Ptychochromis is a genus of cichlids endemic to rivers and lakes in Madagascar. One species (P. grandidieri) can also be seen in brackish water. Most species in this genus are threatened, and P. onilahy is probably extinct. Most reach a length of 15 to 20 cm, but P. insolitus reaches 25 cm, while P. grandidieri and P. oligacanthus reach 35 cm and 20 cm respectively.
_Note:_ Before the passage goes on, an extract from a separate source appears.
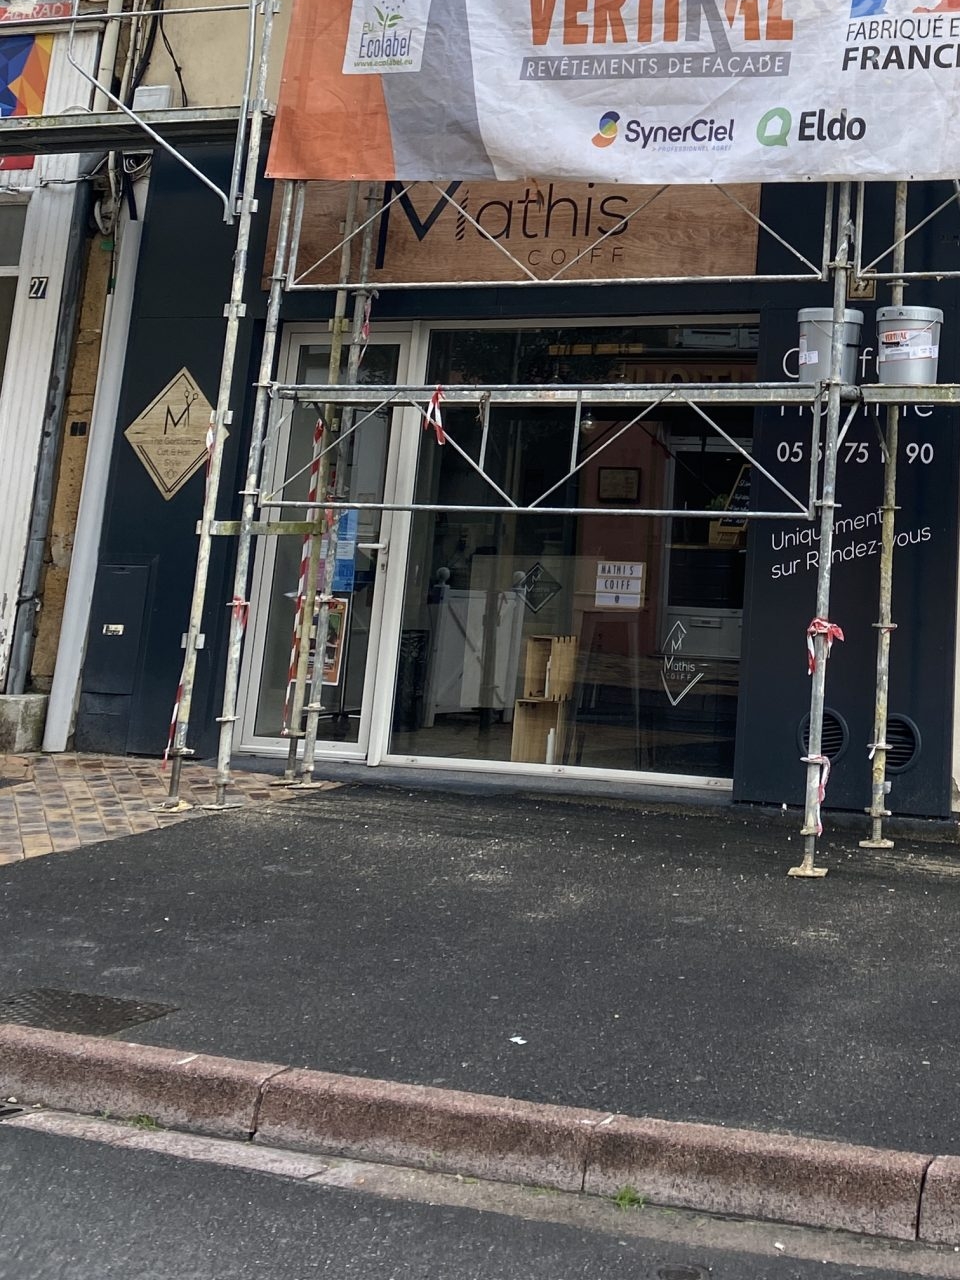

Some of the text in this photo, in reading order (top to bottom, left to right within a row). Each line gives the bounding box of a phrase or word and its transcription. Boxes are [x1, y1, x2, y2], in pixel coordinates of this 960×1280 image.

The largest species was P. onilahy which may have reached as much as 45 cm if reports of fishermen are to be believed.

==Species==
There are currently 10 recognized species in this genus:

- Ptychochromis curvidens Stiassny & Sparks, 2006
- Ptychochromis ernestmagnusi Sparks & Stiassny, 2010
- Ptychochromis grandidieri Sauvage, 1882
- Ptychochromis inornatus Sparks, 2002
- Ptychochromis insolitus Stiassny & Sparks, 2006
- Ptychochromis loisellei Stiassny & Sparks, 2006
- Ptychochromis makira Stiassny & Sparks, 2006
- Ptychochromis mainty C. M. Martinez, Arroyave-Gutiérrez & Sparks, 2015
- Ptychochromis oligacanthus (Bleeker, 1868)
- † Ptychochromis onilahy Stiassny & Sparks, 2006

Additionally, cichlid from the eastern Anosy Region in far southeastern Madagascar may actually represent an undescribed species, popularly known as Ptychochromis sp. "Manampanihy".